So I've sequenced samples with MinION NGS platform, and analysed for SNPs via SAMtools/BCFtools. To corroborate or reject these SNVs I've sequenced the same samples via Sanger.
According to the VCF spec (V4.2):
Phred-scaled quality score for the assertion made in ALT. i.e. −10log10 prob(call in ALT is wrong). If ALT is ‘.’ (no variant) then this is −10log10 prob(variant), and if ALT is not ‘.’ this is −10log10 prob(no variant). If unknown, the missing value should be specified. (Numeric)
When examining the VCF file generated by the SAMtools/BCFtools pipeline, I find that the QUAL column indicates values from as low as 5.0... to as high as 196.0 for an alternative allele, with DP values on the order of 10^3 (which makes me happy, as it increases my confidence of this position being a SNP).
When I sequence by Sanger the same position, it may also support the alternative allele. But Sanger quality scores are maximum 60 in my data, and it seems from the The Sanger FASTQ file format for sequences with quality scores, that the Phred score indicated here are similar: -10*log10(Probability of base erroneously called).

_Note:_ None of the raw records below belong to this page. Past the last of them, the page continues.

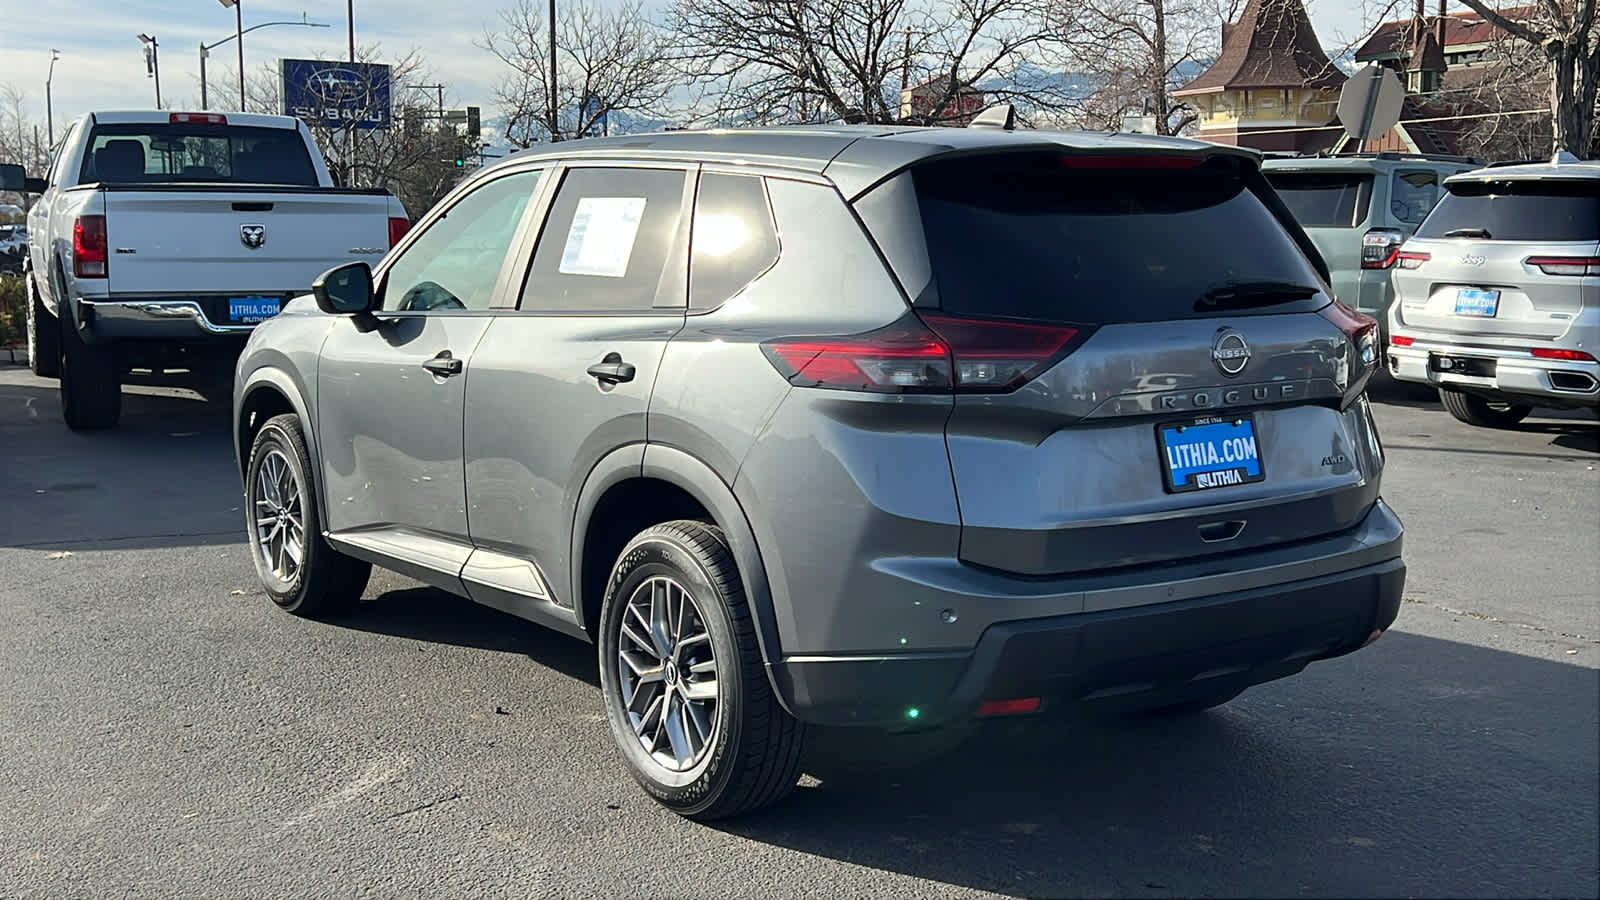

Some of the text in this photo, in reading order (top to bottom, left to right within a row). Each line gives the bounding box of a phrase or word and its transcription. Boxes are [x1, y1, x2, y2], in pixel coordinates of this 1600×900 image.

[294, 106, 383, 122] SUBARU
[230, 304, 280, 314] LITHIA.COM
[1212, 348, 1251, 359] NISSAN
[1160, 385, 1294, 409] ROGUE
[1166, 436, 1258, 470] LITHIA.COM
[1320, 455, 1344, 467] AWD
[1207, 469, 1242, 487] LITHIA
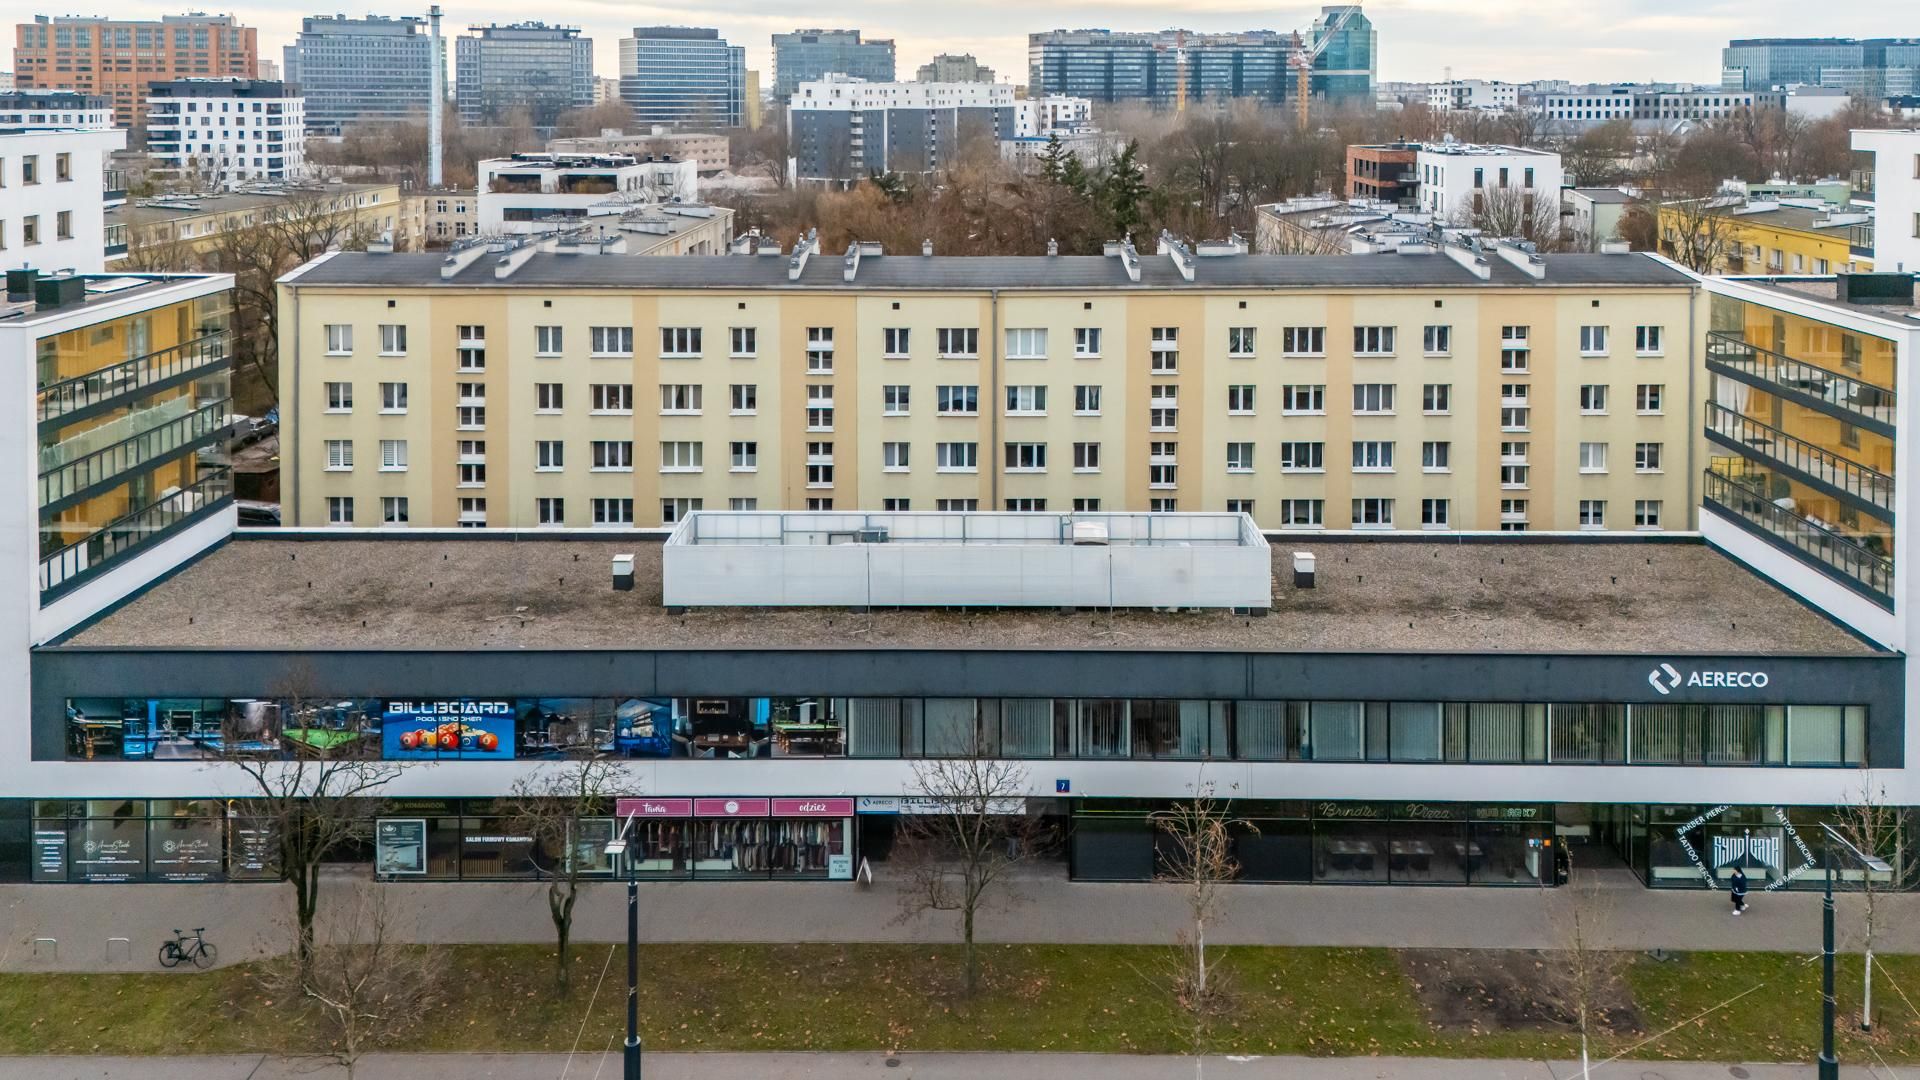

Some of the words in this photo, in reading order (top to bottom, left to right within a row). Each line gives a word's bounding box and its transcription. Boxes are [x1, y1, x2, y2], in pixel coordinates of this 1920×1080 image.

[1687, 671, 1769, 688] AERECO
[389, 702, 509, 714] BILLBOARD
[642, 802, 666, 814] tania
[1677, 816, 1706, 836] BARBER
[1775, 810, 1797, 836] TATTOO
[1793, 834, 1817, 866] PIERCING
[1678, 835, 1698, 862] TATTOO
[1695, 860, 1719, 892] PIERCING
[1782, 863, 1811, 882] BARBER
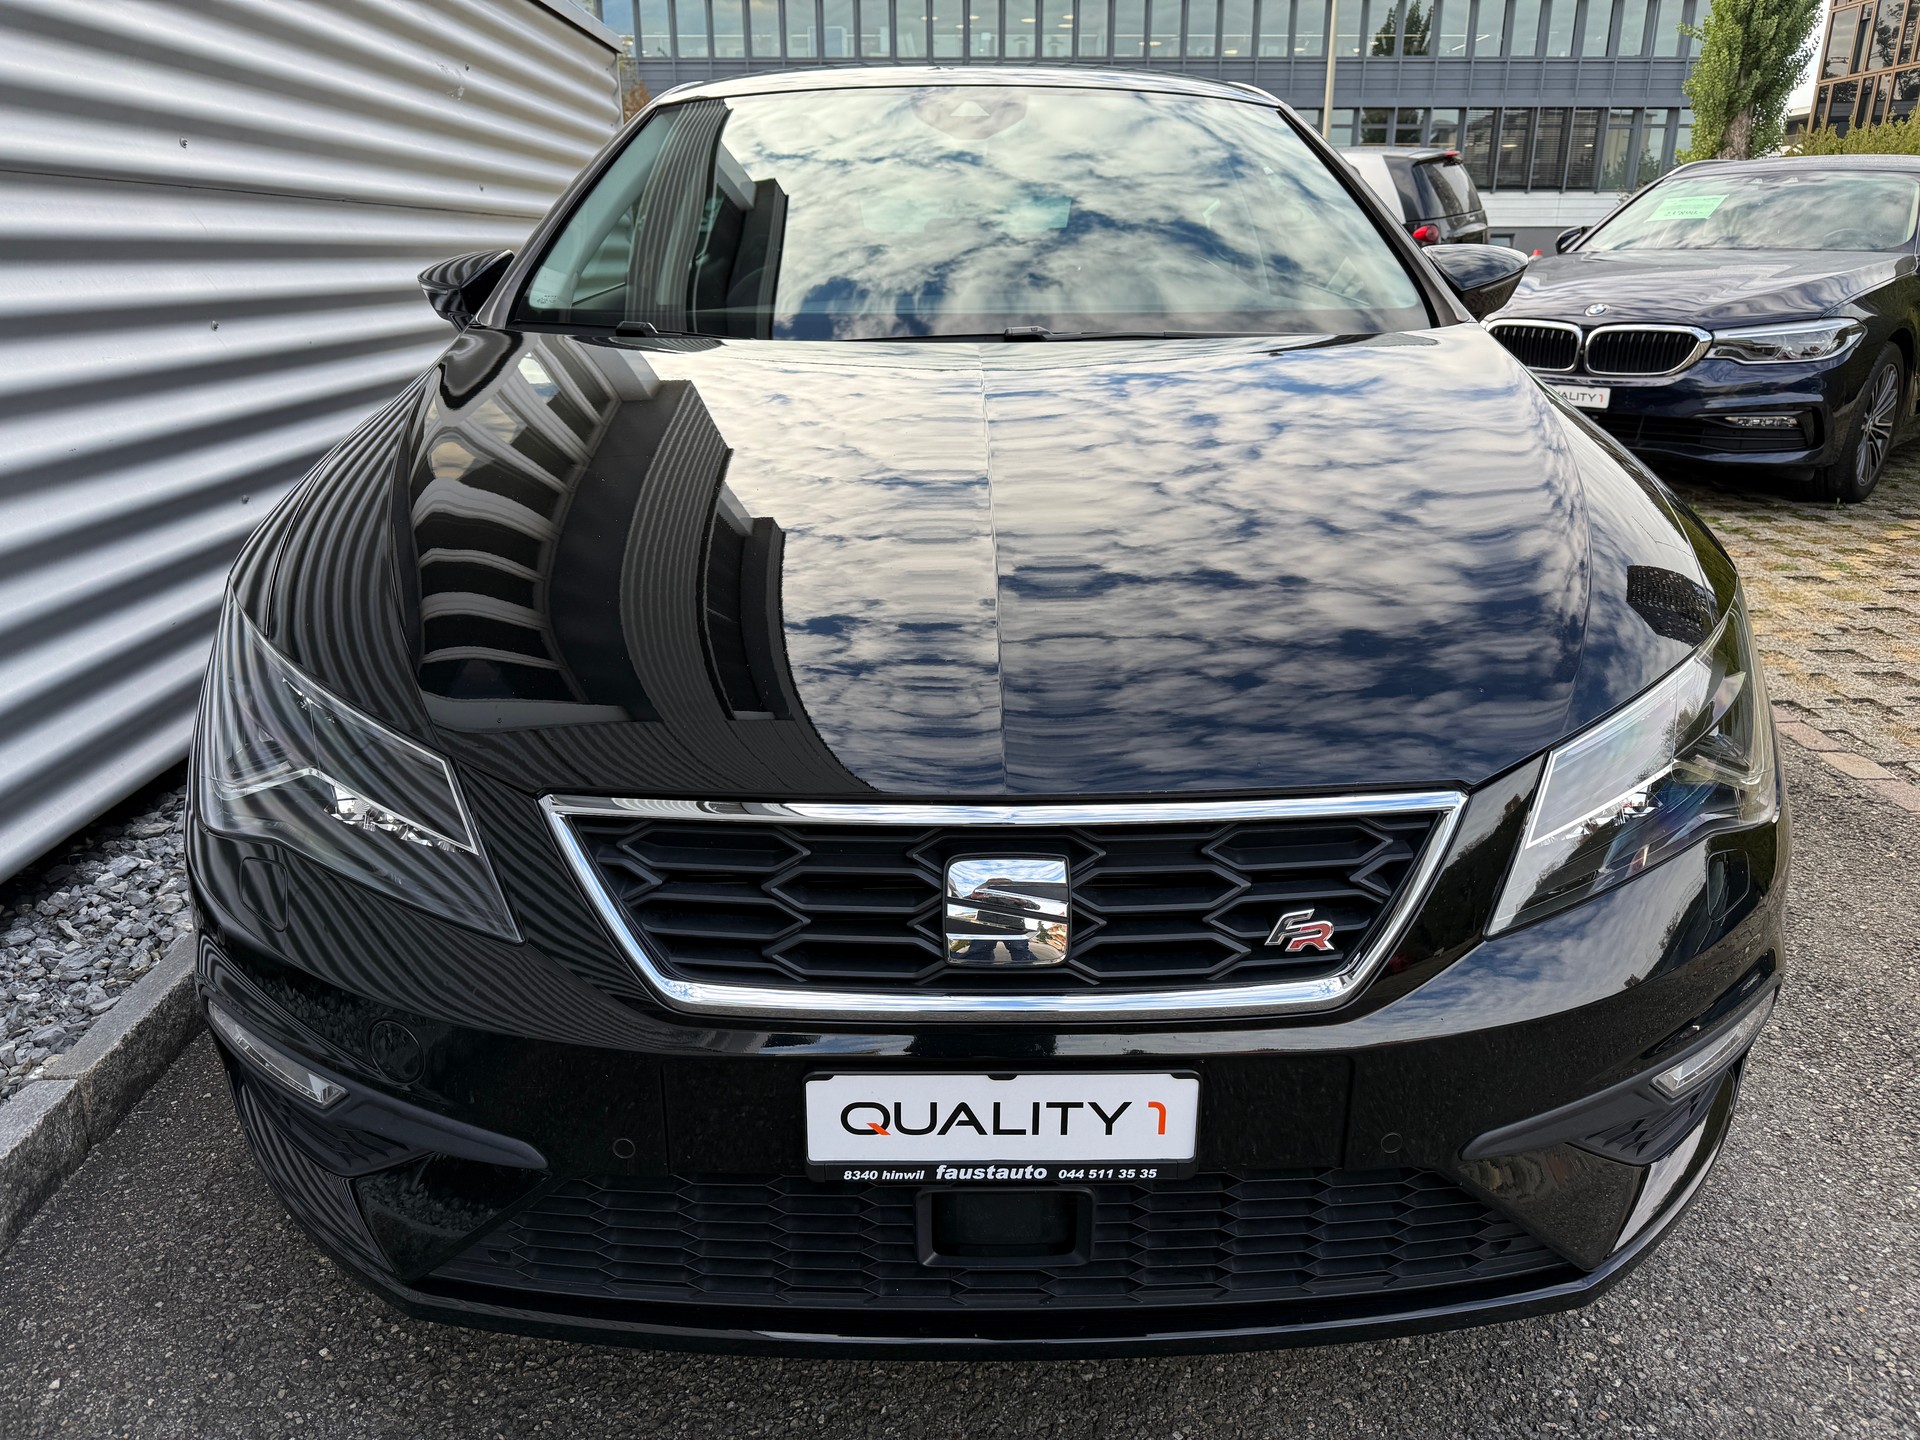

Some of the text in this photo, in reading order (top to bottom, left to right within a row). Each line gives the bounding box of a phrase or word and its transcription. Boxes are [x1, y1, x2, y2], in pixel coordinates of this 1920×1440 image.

[1559, 391, 1604, 403] ALITY 1
[1264, 908, 1335, 952] FR
[839, 1101, 1166, 1136] QUALITY 1
[843, 1165, 1157, 1180] 8340 hinwil faustauto 044 511 35 35
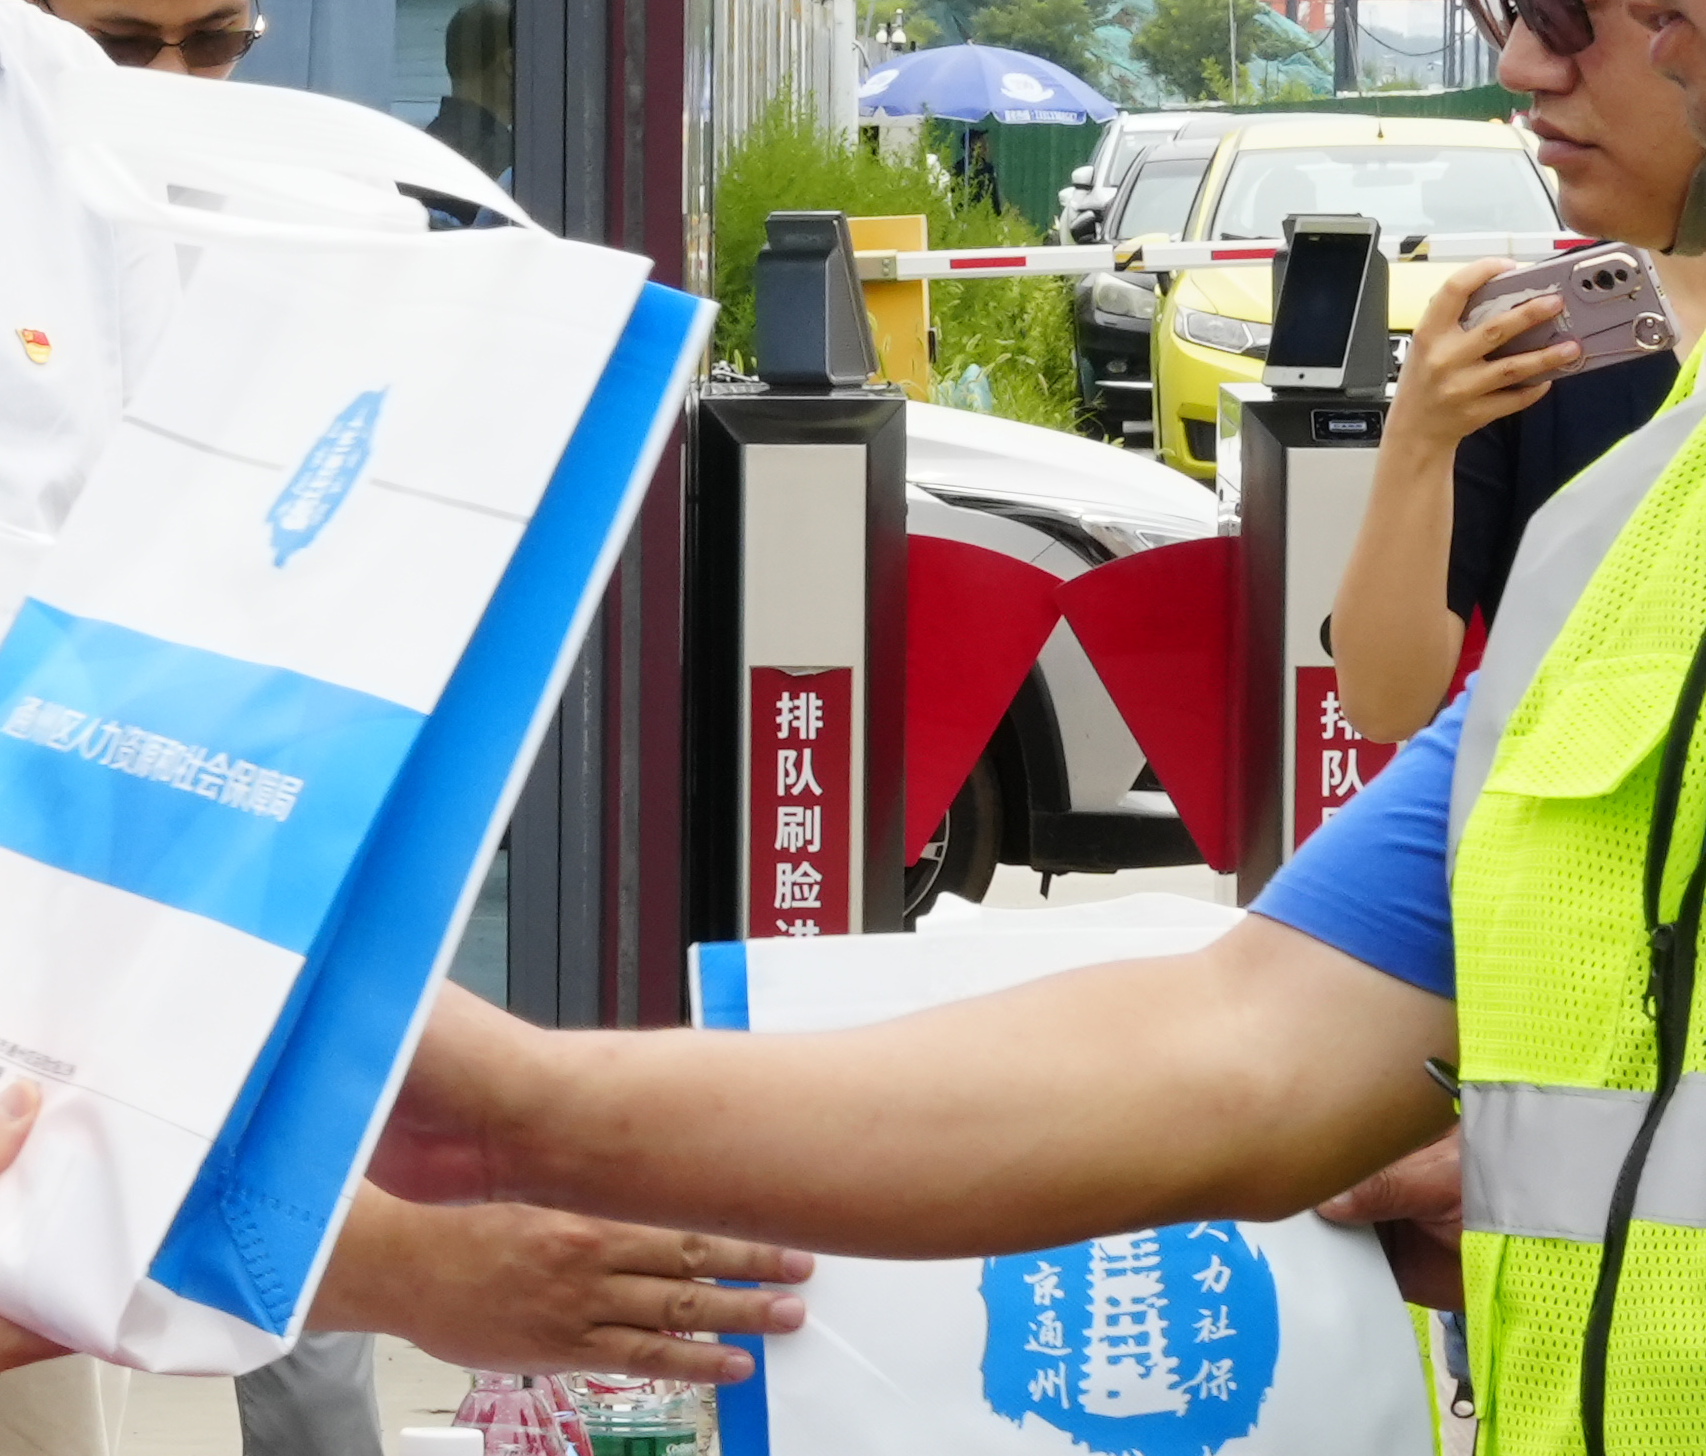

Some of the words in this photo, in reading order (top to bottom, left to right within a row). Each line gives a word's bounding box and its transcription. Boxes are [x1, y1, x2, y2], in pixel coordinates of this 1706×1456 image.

- Why are these quality scores (NGS, Sanger) so distinctly different than each other?
- Is MinION NGS data not coded in Sanger+33 ASCII base, same as Sanger?
- Is a comparison between the two quality scores a valid one, to some extent?
- Edit: is there another parameter in the VCF format of my NGS data which correspond to the Sanger phred score, perhaps 'MQ' ("Root-mean-square mapping quality of covering reads")?
Thanks for the elaborate answer Devon. True, MinION data is generally less accurate, but this is also why I've filtered them (average Q score > 7) prior to alignment, and obviously, as you've mentioned, there are tens, sometime 100's of thousands of reads which are aligned against the reference.
BTW, Ryan, for context sake, I'm dealing with finding SNVs which by nature may be underexpressed in comparison to the reference allele. Which is why Sanger too, may not be the best validation tool as far as I known. Only Illumina, which is not qualitative, but quantitative, may produce an indication which is reliable to the best extent.
I've never looked into the details of
bcftools
(samtools mpileup is deprecated) and suggest you search this site for thresdolding variant calls.It sounds like you're calling variants from RNAseq data, in which case please try to note that in your questions, since it's fairly atypical.